GIVEN RECORDS ::
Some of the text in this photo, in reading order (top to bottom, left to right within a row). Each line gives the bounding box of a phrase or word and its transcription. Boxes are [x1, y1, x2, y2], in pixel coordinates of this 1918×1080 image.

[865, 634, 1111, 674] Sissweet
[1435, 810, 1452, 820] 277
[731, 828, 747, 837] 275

---

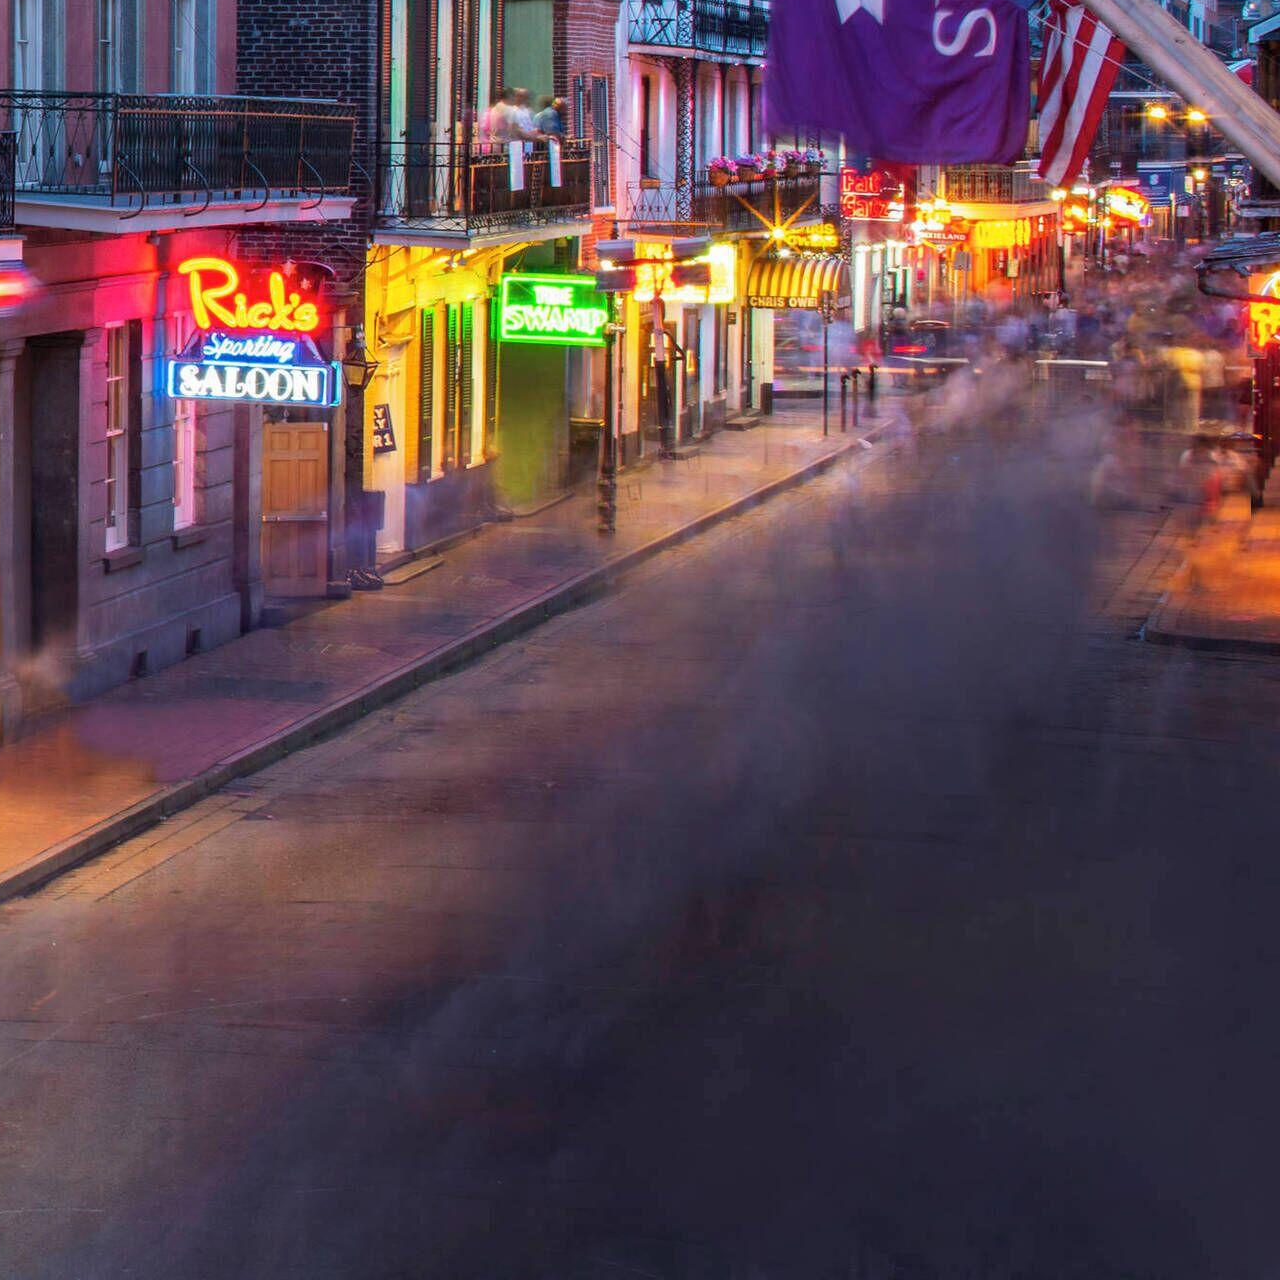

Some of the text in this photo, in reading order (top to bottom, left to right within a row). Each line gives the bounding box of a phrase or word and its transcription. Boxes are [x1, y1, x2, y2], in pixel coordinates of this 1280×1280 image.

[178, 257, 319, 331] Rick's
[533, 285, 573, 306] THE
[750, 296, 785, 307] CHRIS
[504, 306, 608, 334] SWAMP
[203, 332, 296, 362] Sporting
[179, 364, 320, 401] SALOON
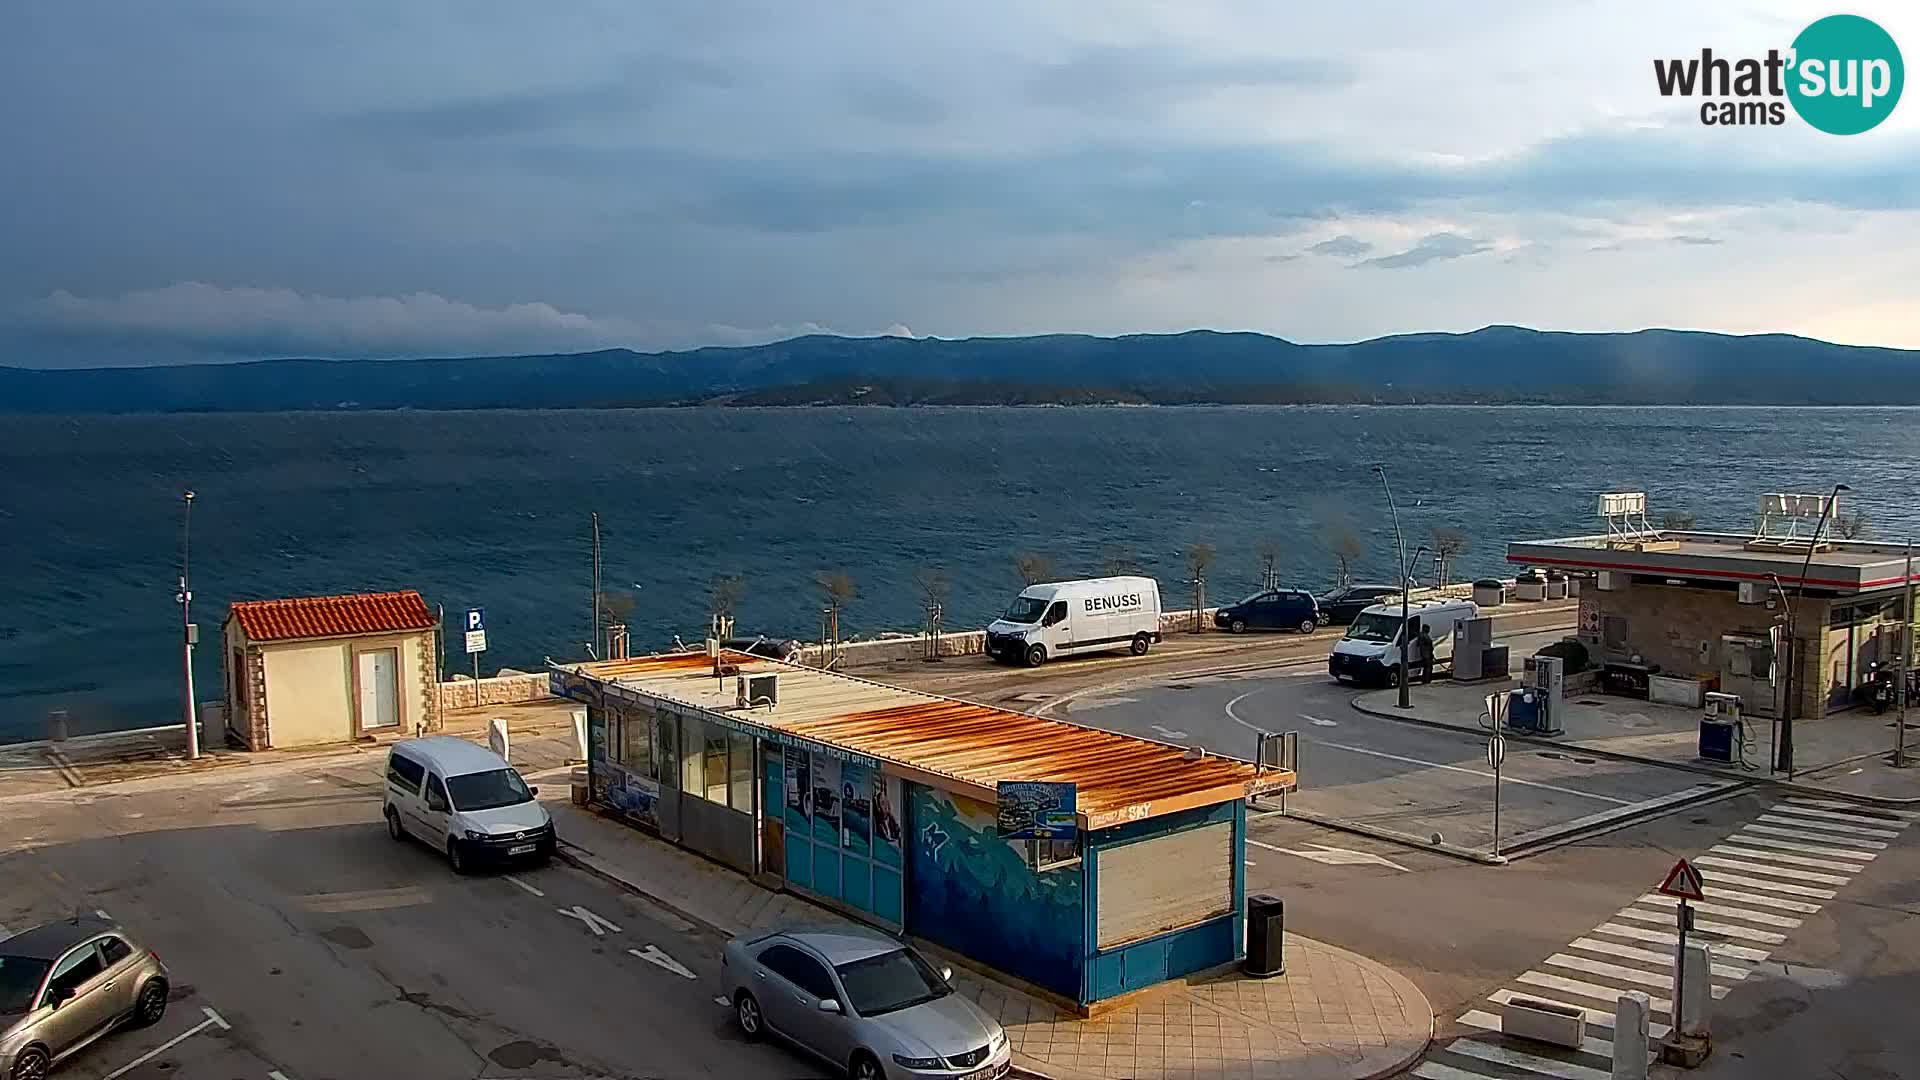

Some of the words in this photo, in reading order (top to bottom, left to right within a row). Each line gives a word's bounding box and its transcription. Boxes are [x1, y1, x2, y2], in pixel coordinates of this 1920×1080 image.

EXERCISE BRIEF ::
From the records above, copy exactly the lines starting at the one with "this 1280×1280 image." and ending at the one with "Some of the words", and no others. Pictures stay out.

SOLUTION FOR THIS TASK ::
Some of the text in this photo, in reading order (top to bottom, left to right within a row). Each line gives the bounding box of a phrase or word and its transcription. Boxes are [x1, y1, x2, y2], in pixel coordinates of this 1280×1280 image.

[178, 257, 319, 331] Rick's
[533, 285, 573, 306] THE
[750, 296, 785, 307] CHRIS
[504, 306, 608, 334] SWAMP
[203, 332, 296, 362] Sporting
[179, 364, 320, 401] SALOON

Some of the words in this photo, in reading order (top to bottom, left to right within a row). Each line gives a word's bounding box and its transcription. Boxes are [x1, y1, x2, y2], in pixel coordinates of this 1920×1080 image.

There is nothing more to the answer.